[GIVEN DATA — start]
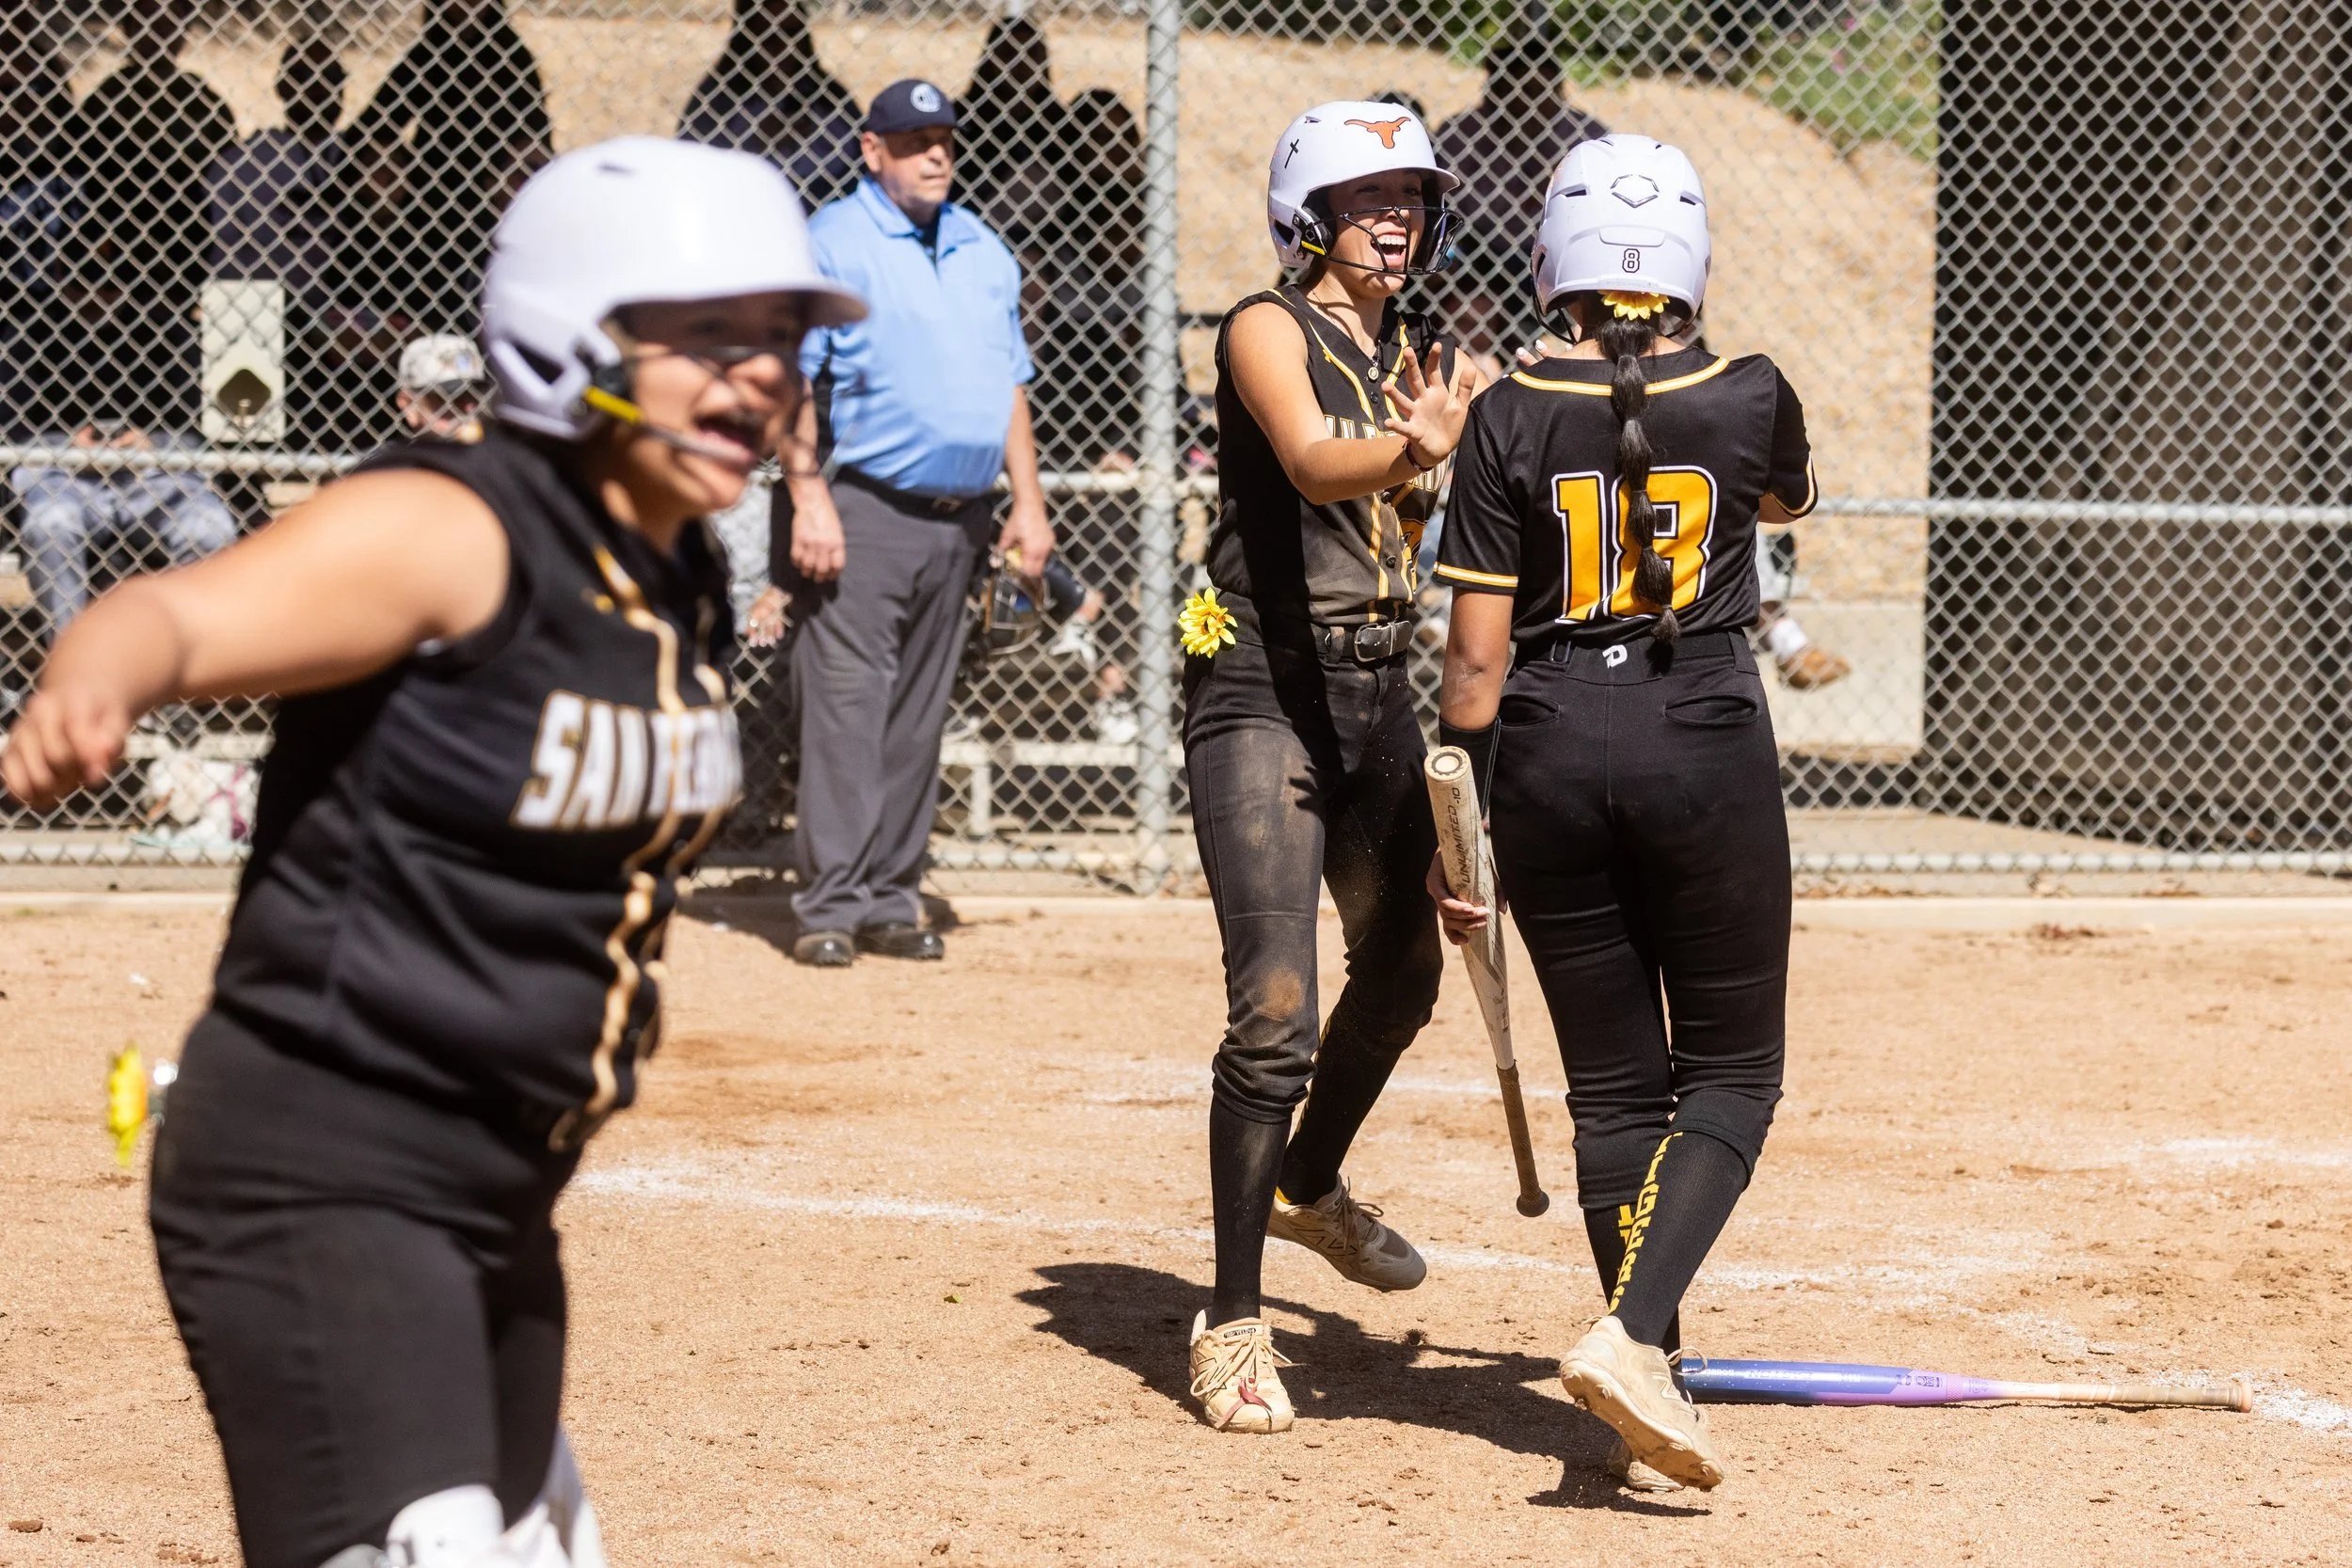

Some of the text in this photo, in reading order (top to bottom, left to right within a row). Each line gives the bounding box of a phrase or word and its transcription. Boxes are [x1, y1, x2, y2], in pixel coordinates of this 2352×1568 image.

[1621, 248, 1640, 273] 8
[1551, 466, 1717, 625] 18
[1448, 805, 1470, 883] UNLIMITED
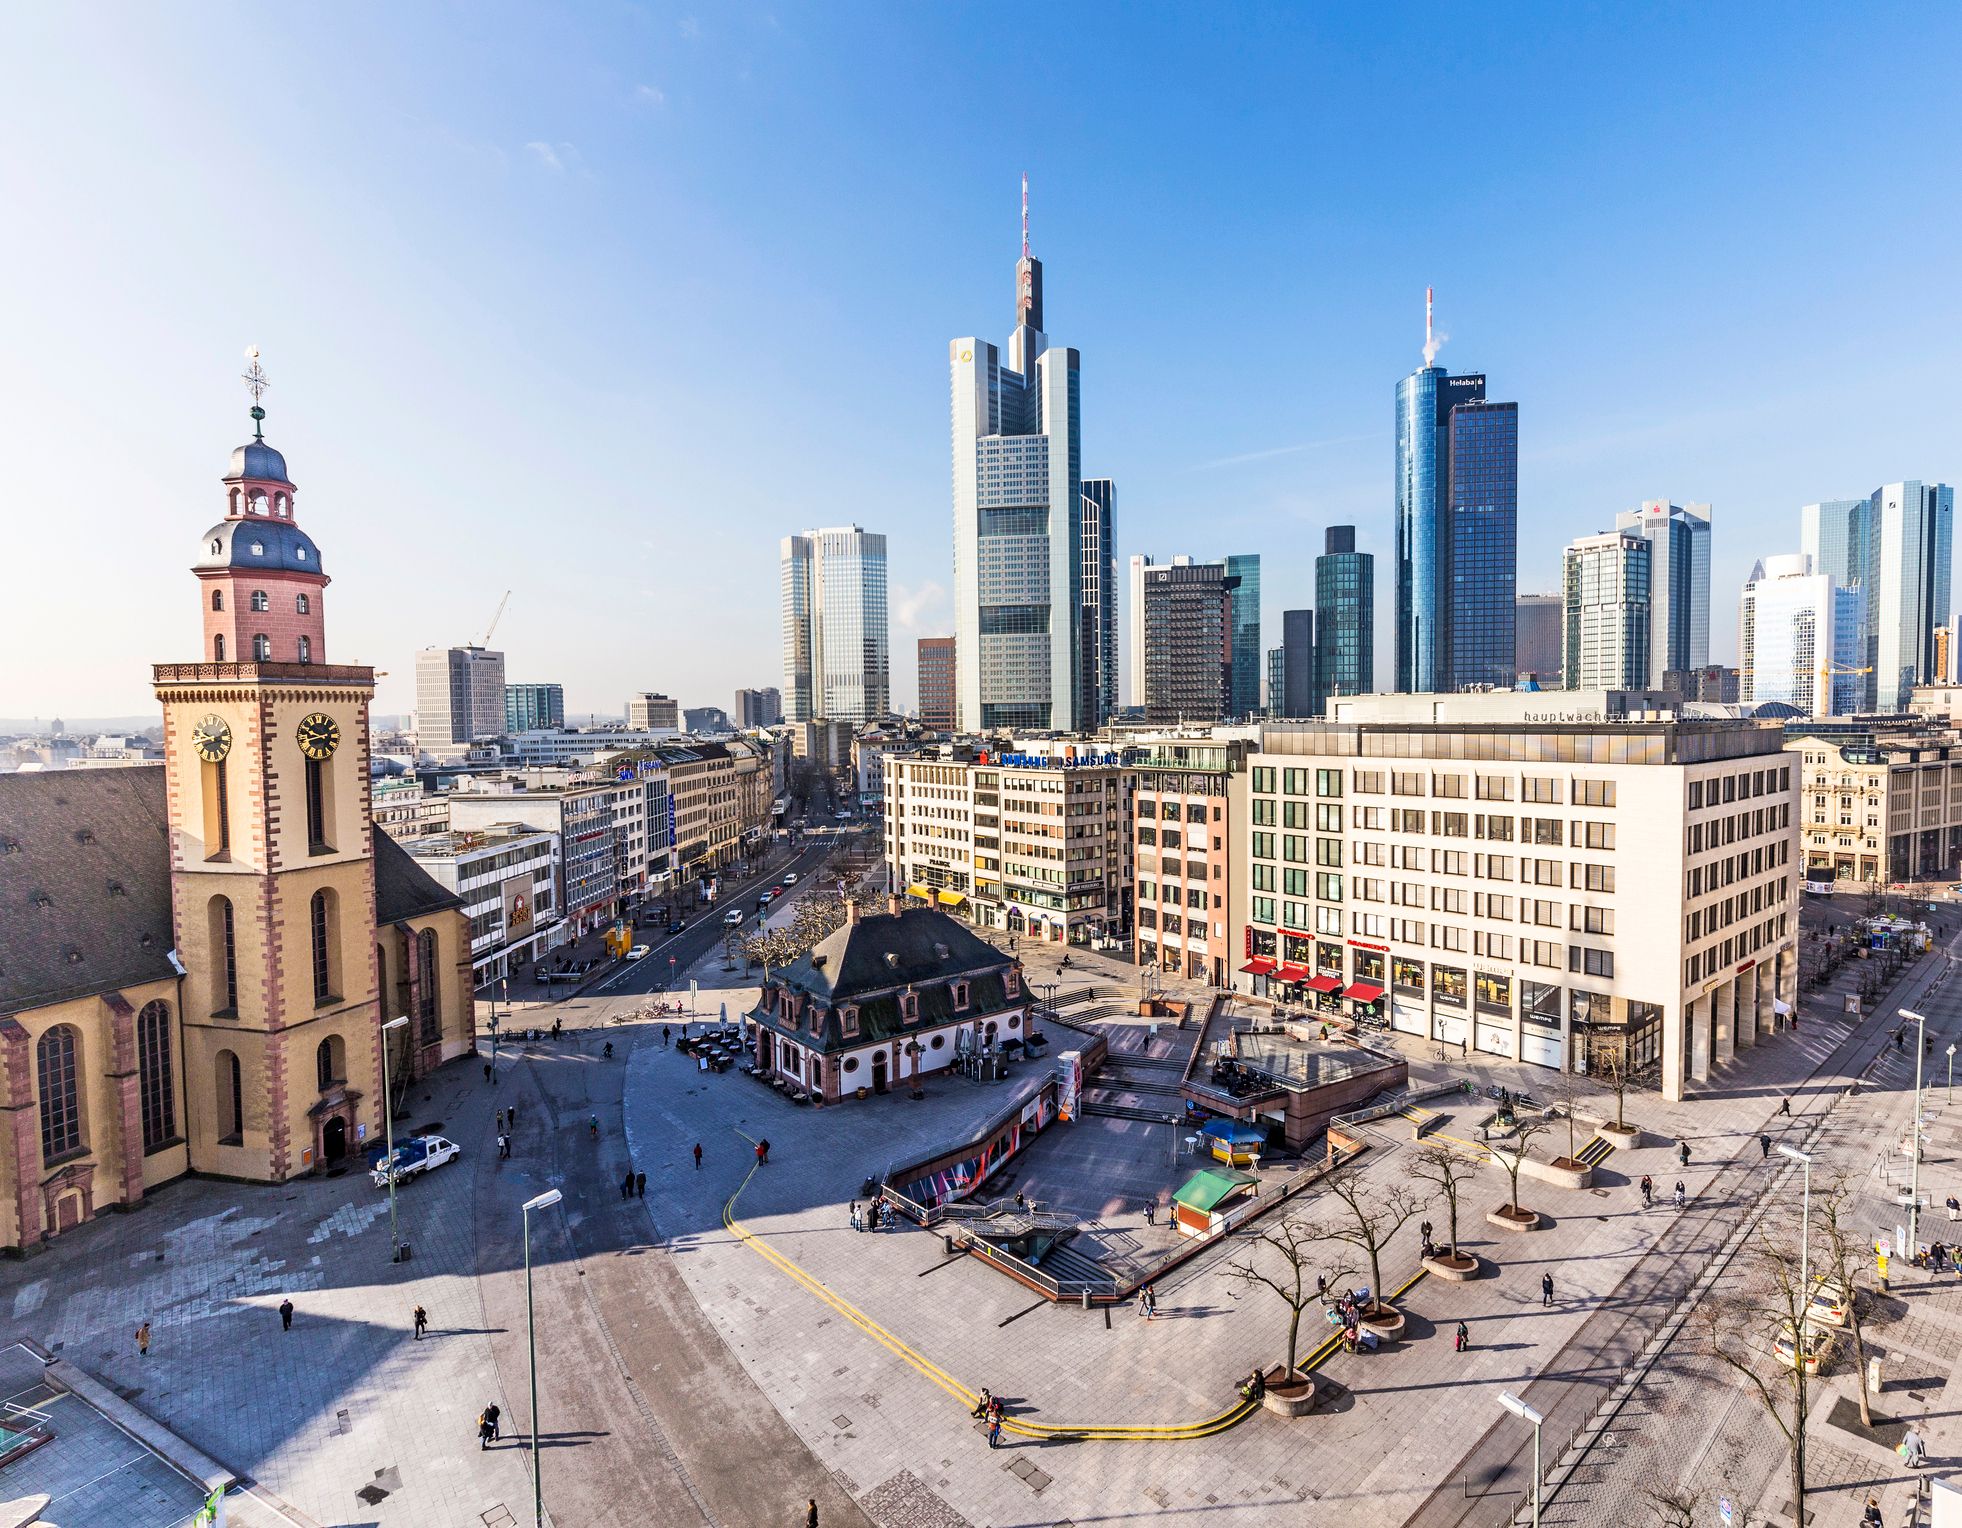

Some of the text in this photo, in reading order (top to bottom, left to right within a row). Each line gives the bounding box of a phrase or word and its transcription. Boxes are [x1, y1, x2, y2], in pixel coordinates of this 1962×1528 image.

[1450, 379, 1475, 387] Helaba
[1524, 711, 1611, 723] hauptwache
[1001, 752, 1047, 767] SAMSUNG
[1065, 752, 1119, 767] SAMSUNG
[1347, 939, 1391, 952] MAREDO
[GIVEN DATA — finish]
◆ **REQUIRED ACTION**
Could you print the listing above word for word, without its pictures?

◆ **ANSWER TO THE EXERCISE**
Some of the text in this photo, in reading order (top to bottom, left to right within a row). Each line gives the bounding box of a phrase or word and its transcription. Boxes are [x1, y1, x2, y2], in pixel coordinates of this 2352×1568 image.

[1621, 248, 1640, 273] 8
[1551, 466, 1717, 625] 18
[1448, 805, 1470, 883] UNLIMITED

Some of the text in this photo, in reading order (top to bottom, left to right within a row). Each line gives the bounding box of a phrase or word and its transcription. Boxes are [x1, y1, x2, y2], in pixel coordinates of this 1962×1528 image.

[1450, 379, 1475, 387] Helaba
[1524, 711, 1611, 723] hauptwache
[1001, 752, 1047, 767] SAMSUNG
[1065, 752, 1119, 767] SAMSUNG
[1347, 939, 1391, 952] MAREDO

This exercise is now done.